## [Collected data entries]
━━━━━━━━━━━━━━━━━━━━
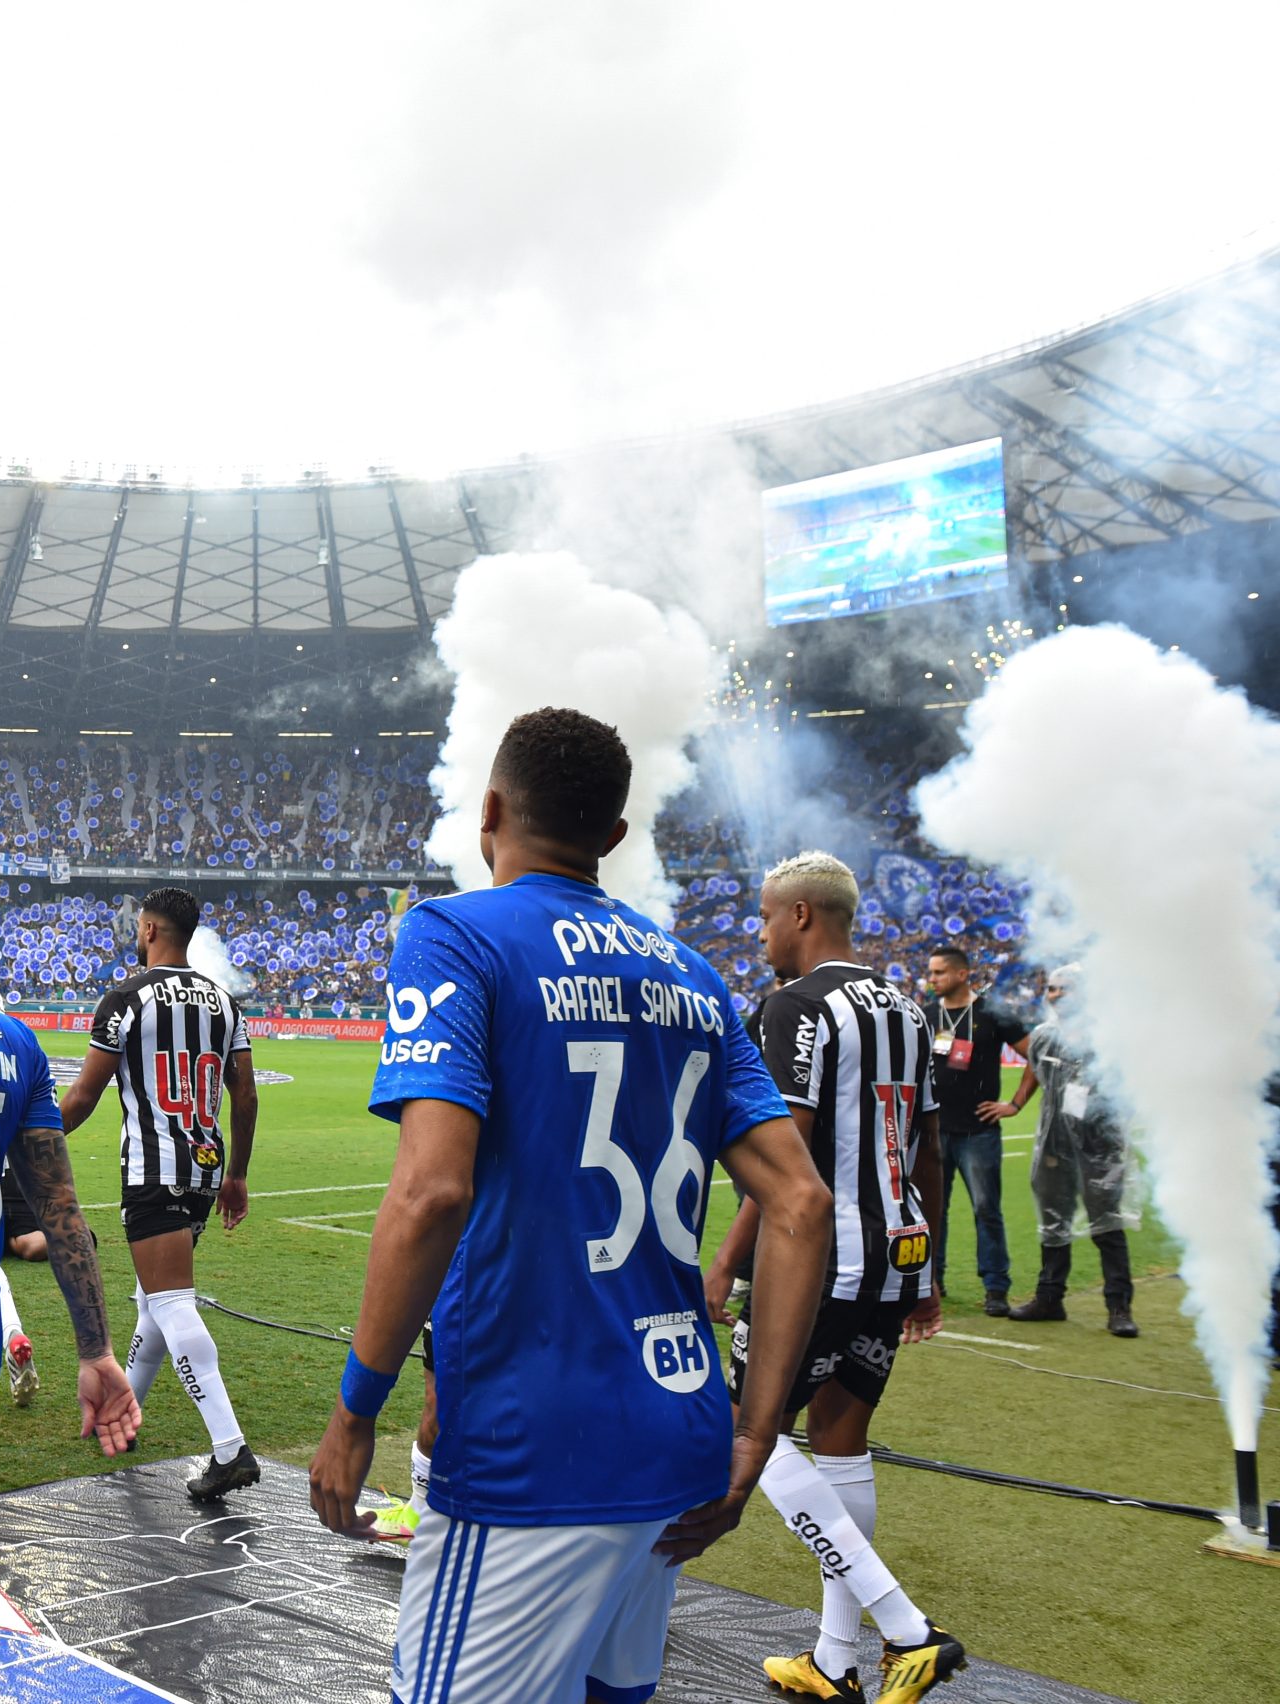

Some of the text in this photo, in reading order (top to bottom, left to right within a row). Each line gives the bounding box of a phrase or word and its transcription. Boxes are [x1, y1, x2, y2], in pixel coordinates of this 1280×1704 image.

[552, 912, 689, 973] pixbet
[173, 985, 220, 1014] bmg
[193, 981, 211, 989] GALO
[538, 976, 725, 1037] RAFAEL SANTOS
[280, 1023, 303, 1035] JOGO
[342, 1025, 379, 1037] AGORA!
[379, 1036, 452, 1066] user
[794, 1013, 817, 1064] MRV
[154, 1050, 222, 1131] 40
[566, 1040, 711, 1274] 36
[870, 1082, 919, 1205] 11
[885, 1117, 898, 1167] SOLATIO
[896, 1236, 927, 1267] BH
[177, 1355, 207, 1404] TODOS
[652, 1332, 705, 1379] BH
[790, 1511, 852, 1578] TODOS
━━━━━━━━━━━━━━━━━━━━
## [Task prompt]
All the records need to be set down word for word, with the images left out.

## [Exercise solution]
Some of the text in this photo, in reading order (top to bottom, left to right within a row). Each line gives the bounding box of a phrase or word and its transcription. Boxes are [x1, y1, x2, y2], in pixel coordinates of this 1280×1704 image.

[552, 912, 689, 973] pixbet
[173, 985, 220, 1014] bmg
[193, 981, 211, 989] GALO
[538, 976, 725, 1037] RAFAEL SANTOS
[280, 1023, 303, 1035] JOGO
[342, 1025, 379, 1037] AGORA!
[379, 1036, 452, 1066] user
[794, 1013, 817, 1064] MRV
[154, 1050, 222, 1131] 40
[566, 1040, 711, 1274] 36
[870, 1082, 919, 1205] 11
[885, 1117, 898, 1167] SOLATIO
[896, 1236, 927, 1267] BH
[177, 1355, 207, 1404] TODOS
[652, 1332, 705, 1379] BH
[790, 1511, 852, 1578] TODOS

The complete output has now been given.